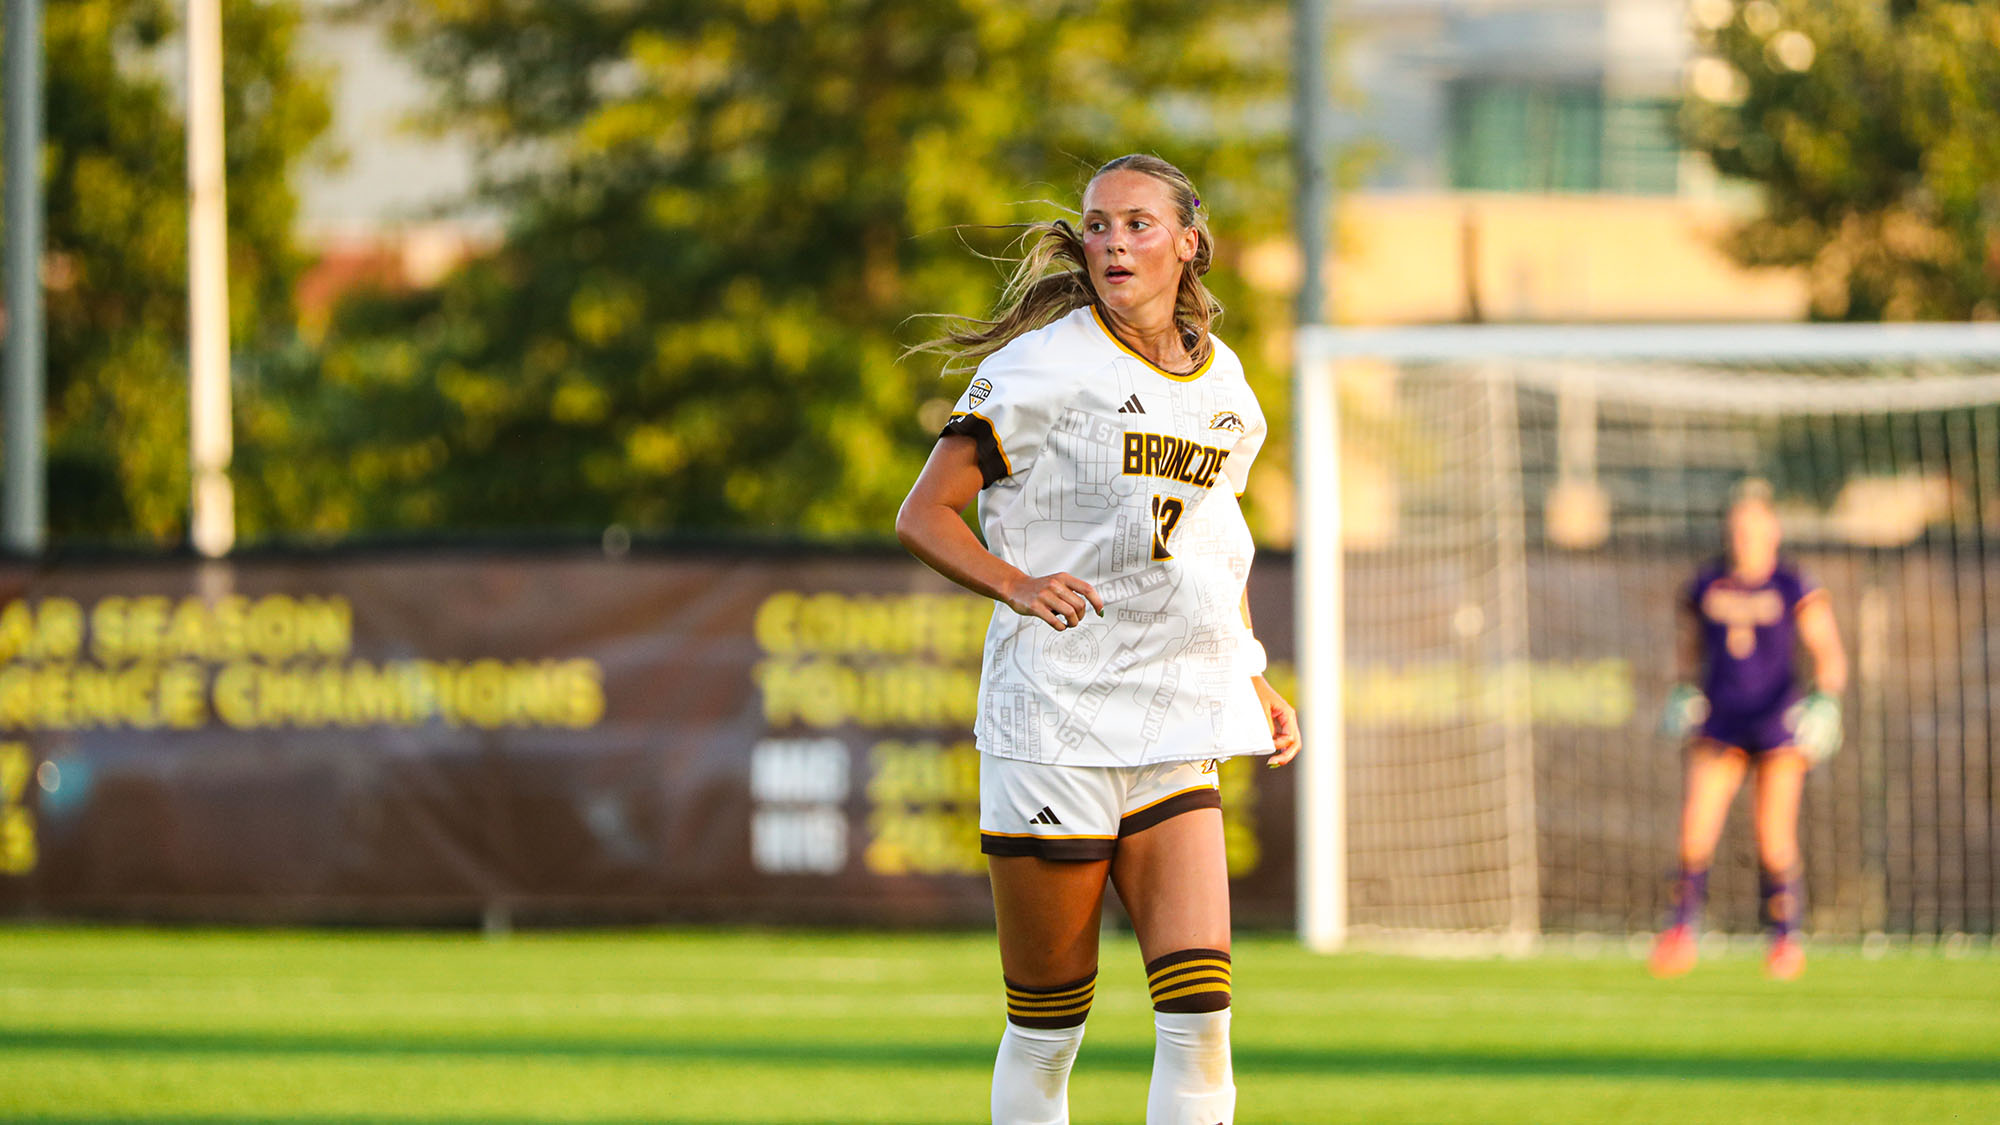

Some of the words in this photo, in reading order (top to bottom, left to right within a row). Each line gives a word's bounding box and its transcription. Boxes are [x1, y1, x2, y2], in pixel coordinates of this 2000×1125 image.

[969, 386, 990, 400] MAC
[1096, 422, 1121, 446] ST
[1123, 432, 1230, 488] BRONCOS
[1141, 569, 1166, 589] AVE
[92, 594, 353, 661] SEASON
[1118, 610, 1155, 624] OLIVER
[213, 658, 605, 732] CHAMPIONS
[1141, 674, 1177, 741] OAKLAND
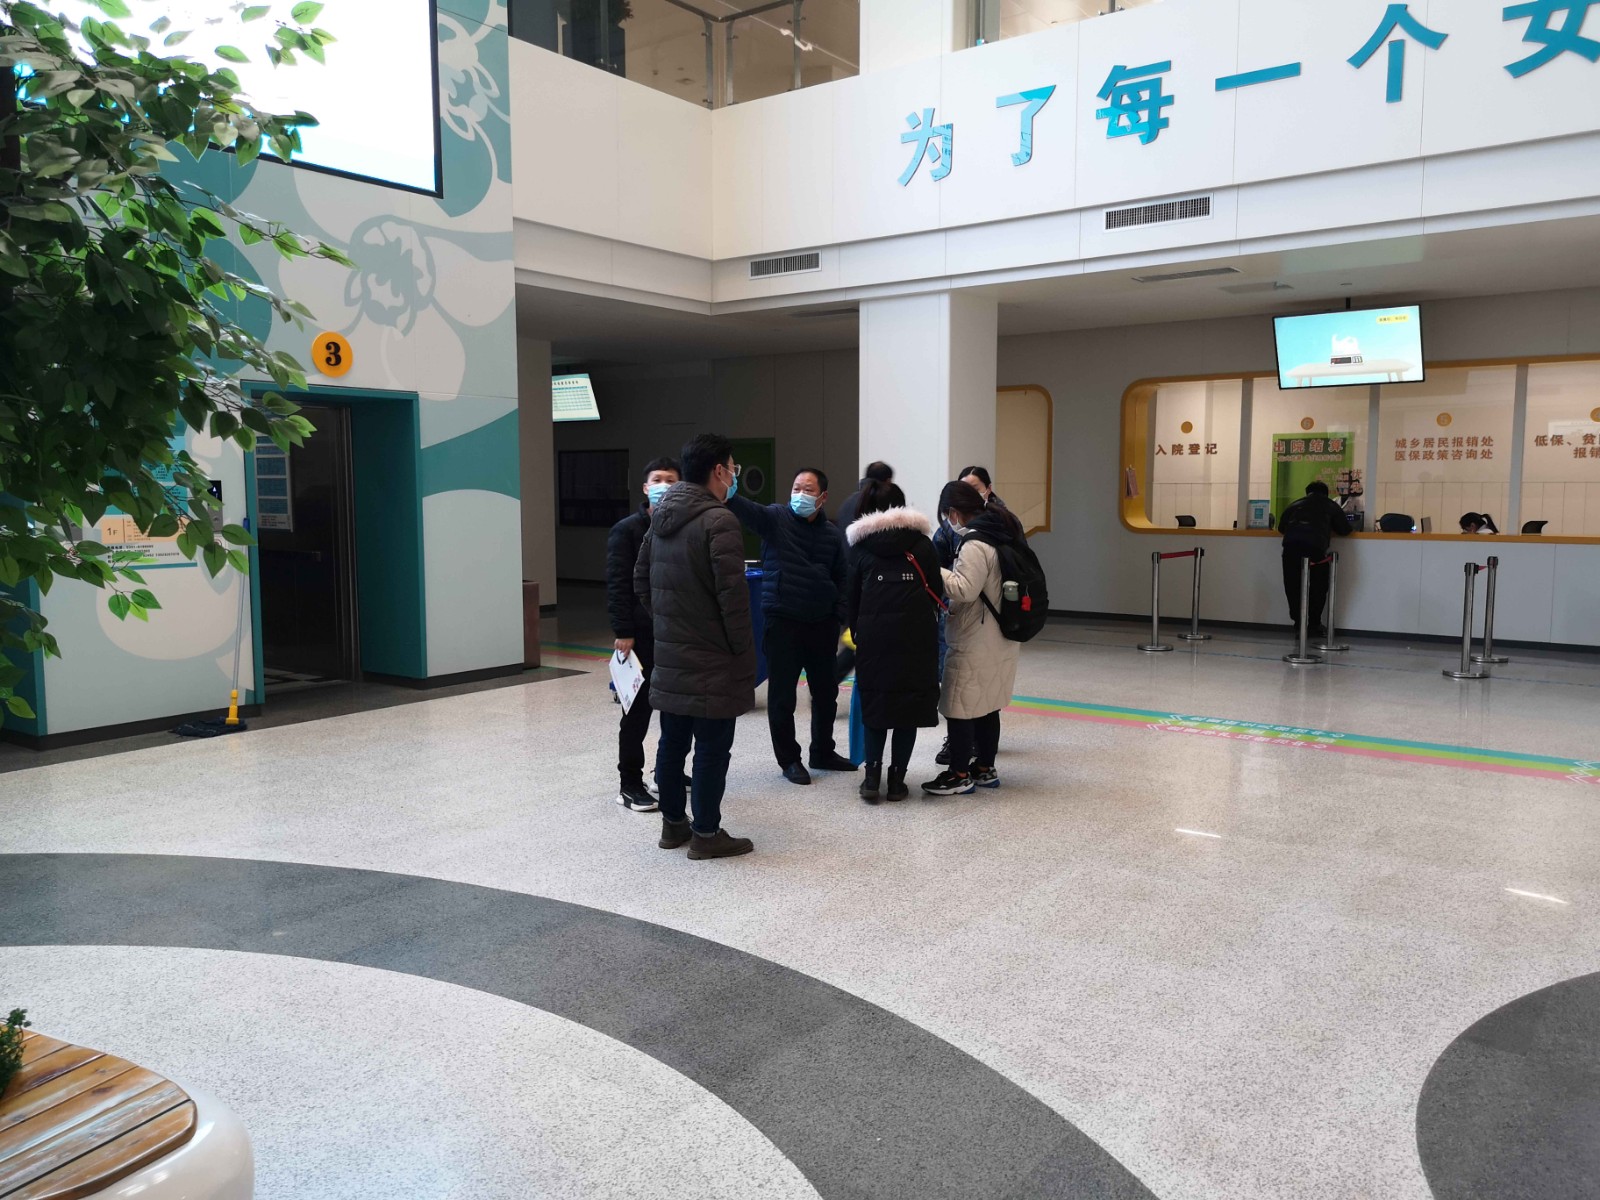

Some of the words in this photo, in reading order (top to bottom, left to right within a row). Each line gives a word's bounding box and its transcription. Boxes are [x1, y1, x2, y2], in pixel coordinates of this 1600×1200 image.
------
— Exercise directions —
Each record above goes into the copy unchanged; the pictures do not.

— Solution to this task —
Some of the words in this photo, in reading order (top to bottom, left to right within a row). Each line gives a word's bounding box and its transcription. Boxes are [x1, y1, x2, y2], in pixel coordinates of this 2000×1125 image.

[969, 386, 990, 400] MAC
[1096, 422, 1121, 446] ST
[1123, 432, 1230, 488] BRONCOS
[1141, 569, 1166, 589] AVE
[92, 594, 353, 661] SEASON
[1118, 610, 1155, 624] OLIVER
[213, 658, 605, 732] CHAMPIONS
[1141, 674, 1177, 741] OAKLAND

Some of the words in this photo, in reading order (top to bottom, left to right within a row). Each line gives a word's bounding box and its transcription. Boxes are [x1, y1, x2, y2], in pixel coordinates of this 1600×1200 image.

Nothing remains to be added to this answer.